When the U.S. elections revealed that Donald Trump would be the next President, I sat and sobbed while my husband comforted me and rubbed my back with one hand. With the other hand, he was tweeting celebratory and congratulatory messages to those who had put Trump into power.

Even though we are Australian, we knew the effects of this American election would reach our shores. For my husband, this revelation brought great joy. I, however, found it a heavy burden to bear.

So I cried -- not because I thought Clinton would have done great things for the American people, and in turn, the rest of the world, but because as a feminist and an advocate of woman's rights, I was terrified by what it meant for women all over the globe that such a person could be elected President of the most powerful nation in the Western world.

When it comes to our social and political opinions, we disagree vehemently on almost every topic.

And my husband was celebrating, not because he thought Trump was a good or decent man, but because he believed that he was going to generate a degree of change which would have universal benefits, on everything from global economic growth to better national border protection.

When it comes to our social and political opinions, we disagree vehemently on almost every topic. Our views oppose to the point where I have often wondered how we have come out of these arguments without physical wounds, so scathing and indignant are our beliefs.

After the election of President Trump, I was upset for many days. My husband could simply not understand what on earth could be so distressing.

He tried, he asked questions, he listened as I raged. But how could he, a man for whom this Administration signalled the hope and change that he was optimistic would reach our Australian shores, possibly understand?

How could he understand what it felt like to know that women everywhere had just been told that their bodily autonomy, their personal and sexual safety, was not as important as the influence of a rich, old man?

How could he understand the fear I had, knowing that so many would now think that assaulting a woman was okay? That it was allowed? How could he understand how much more danger women everywhere were now in, how small and irrelevant and unimportant we now felt. How much we felt we simply did not matter.

How could I explain how vulnerable I felt?

I couldn't. But I tried. And he tried to understand. And we went round and round in circles. Him, unable to see the human element of my arguments. Me, unable to see the "greater good" in his convictions.

Our days began to look a little like this:

8.00 am: Eat breakfast together, discuss plans for the day.

8.04 am: She throws pan on floor while screaming about why most recent cabinet appointments are abhorrent.

10.30 am: Share cup of tea and watch child play outside.

10.37 am: He storms away while muttering about his wife's inability to understand that it is not, in fact, possible to accept every single refugee into the country.

1.15 pm: Take walk along the beach; hold hands.

1.24 pm: She tries to push him into the ocean when he begins ranting about the ignorance of the Women's March protesters.

4.05 pm: Take a drive together.

4.10 pm: He raises voice that she just needs to listen when he is trying to explain the necessity of border protection and she is yelling loudly over the top of him.

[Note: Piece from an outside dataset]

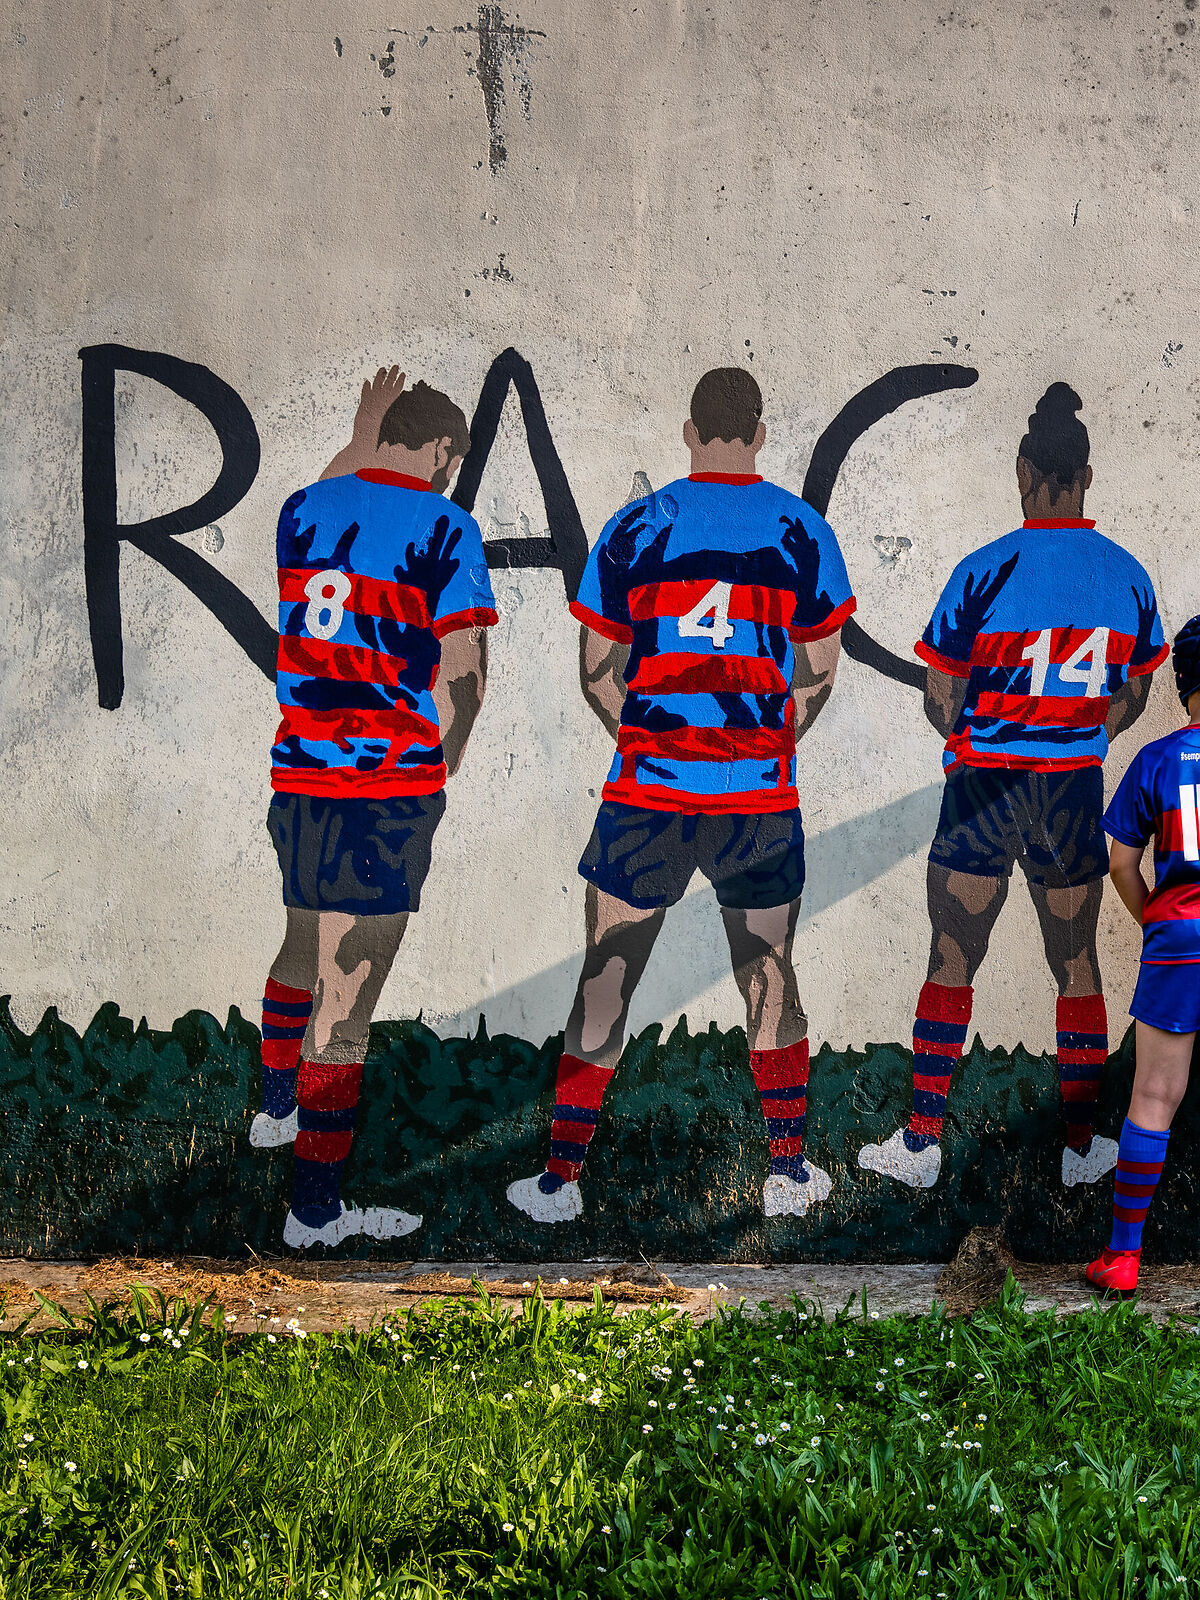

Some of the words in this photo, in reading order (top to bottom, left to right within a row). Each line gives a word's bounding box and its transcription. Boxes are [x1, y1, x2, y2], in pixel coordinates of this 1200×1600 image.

6.30 pm: Sit down to dinner.

6.33 pm: She throws herself face down into her food when he simply refuses to understand that women's rights as human rights are actually just as important as our country's economic growth.

So how do people who so strongly disagree with values they each hold onto so strongly, make a marriage work?

We look deeper than the arguments. We look at each other... at the passionate, committed humans that we are and we find gratitude in being married to someone who cares so much.

Although we may not agree on what we think political leaders should be investing their energy into, we do agree on supporting one another.

When the fire of the argument subsides and we are left with only the smouldering embers, we kiss. We smile. We tell each other something we really value about the other person.

Because although we may not agree on what we think political leaders should be investing their energy into, we do agree on supporting one another -- listening to each other's views, defending one another when someone turns against us, continuing to talk to each other.

We might be fighting different battles, but we know we are facing the same war.

Together.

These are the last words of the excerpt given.